IFS Broker: Standard zur Auditierung und Bewertung
Ein Grundproblem der Lebensmittelsicherheit ist, dass analytisch nur das gefunden werden kann, was bekannt ist. Zum Verzehr nicht geeignete Zusätze, falsche Deklarationen, Kontaminationen können bei vielen, intransparenten Zwischenstufen unerkannt bleiben. Angesichts weitverbreiteter Betrugsformen ist eine Authentizitätsprüfung beim Wareneingang entscheidend. Besonderes Augenmerk sollte u.a. auf die physischen Eigenschaften und den Verarbeitungsgrad von Lebensmitteln und deren Zutaten gelegt werden. Beispielsweise sind Flüssigkeiten oder Pulver leichter zu verfälschen als feste Lebensmittel in ihrer natürlichen Struktur.
Zur Auditierung und Bewertung, ob alle rechtlichen und kundenspezifischen Anforderungen (Service Compliance) erfüllt sind, ist der IFS Broker (Version 3.1, 2021) ein hilfreicher, international anerkannter Standard. Adressiert werden Unternehmen bzw. Personen, die mit Lebensmittel, Haushalts- und Körperpflegeprodukten und/oder Verpackungsmaterialien handeln:
    • Broker, die als Agent für andere tätig sind, um Kontrakte zu verhandeln, gegen Honorar oder Provision ein- oder verkaufen.
    • Handelsagenturen, die durch Hersteller autorisiert sind, bestimmte Produkte in einem Gebiet zu vertreiben, jedoch ein eigenes Kerngeschäft betreiben und nicht für einen Auftraggeber handeln.
    • Händler/Kaufleute, deren Kerngeschäft der Einkauf oder Verkauf ist.
    • Importeure, die Produkte aus einem anderen Land zum Zweck des Verkaufs einführen.
Damit die Händler ihre Lieferkette genauer unter die Lupe nehmen können und Qualitätsanforderungen durchsetzen können, enthält der IFS Broker (Quelle: Teil 2, Liste der Auditanforderungen) eine umfangreiche Liste von Kontrollpunkten für die Bereiche:
1. Unternehmensverantwortung
2. Qualitäts- und Produktsicherheitsmanagementsystem
3. Ressourcenmanagement
4. Planungs- und Dienstleistungsprozess
Ein zentraler Bestandteil sind die Anforderungen für den Planungs- und Dienstleistungsprozess. Dort heißt es z.B. zur Vertragsprüfung: Die zwischen den Vertragspartnern definierten Anforderungen sind festgelegt, überprüft und hinsichtlich ihrer Akzeptanz vereinbart, bevor eine Liefervereinbarung geschlossen wird. Alle Bestimmungen bezüglich Produktqualität und -sicherheit sind an die relevanten Mitarbeiter, Lieferanten und/oder Dienstleister kommuniziert und werden von ihnen verstanden.

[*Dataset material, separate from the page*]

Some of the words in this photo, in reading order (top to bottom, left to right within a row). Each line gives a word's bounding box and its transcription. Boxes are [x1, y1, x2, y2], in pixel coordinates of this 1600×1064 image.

Das IFS Broker-Audit gilt für juristische Personen und Unternehmen, unabhängig ob sie Besitzer oder Eigentümer der Produkte sind. Ein Abgrenzungskriterien zu anderen Standards ist, dass die Broker keinen typischen physischen Besitz der Ware übernehmen, z. B. durch Lagerhallen, Packstationen oder Transportfahrzeuge. Hierbei sind jedoch Kombinationsaudits mit anderen IFS Standards möglich. Alternativ stehen für Händler mit eigener Logistik auch der IFS Cash&Carry- oder der IFS Wholesale-Standard zur Verfügung.

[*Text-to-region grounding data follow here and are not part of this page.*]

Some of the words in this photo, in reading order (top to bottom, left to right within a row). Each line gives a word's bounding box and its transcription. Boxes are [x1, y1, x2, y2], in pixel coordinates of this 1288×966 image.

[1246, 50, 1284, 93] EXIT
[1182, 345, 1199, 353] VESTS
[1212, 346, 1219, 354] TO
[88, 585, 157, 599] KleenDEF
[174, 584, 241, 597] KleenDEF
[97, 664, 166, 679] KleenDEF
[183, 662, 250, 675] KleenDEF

Aufgrund der weitreichenden Handelsstrukturen im Lebensmittelsektor wird die Hebelwirkung und Verantwortung deutlich, die Importeure, Handelsagenturen und Händler auf die Qualität und Sicherheit von Lebensmitteln haben. Daher stellt der Standard IFS Broker die Bewertung, wie Händler ihre Lieferanten und Dienstleister für die vom Kunden geforderten Produkte auswählen und lenken, in den Mittelpunkt.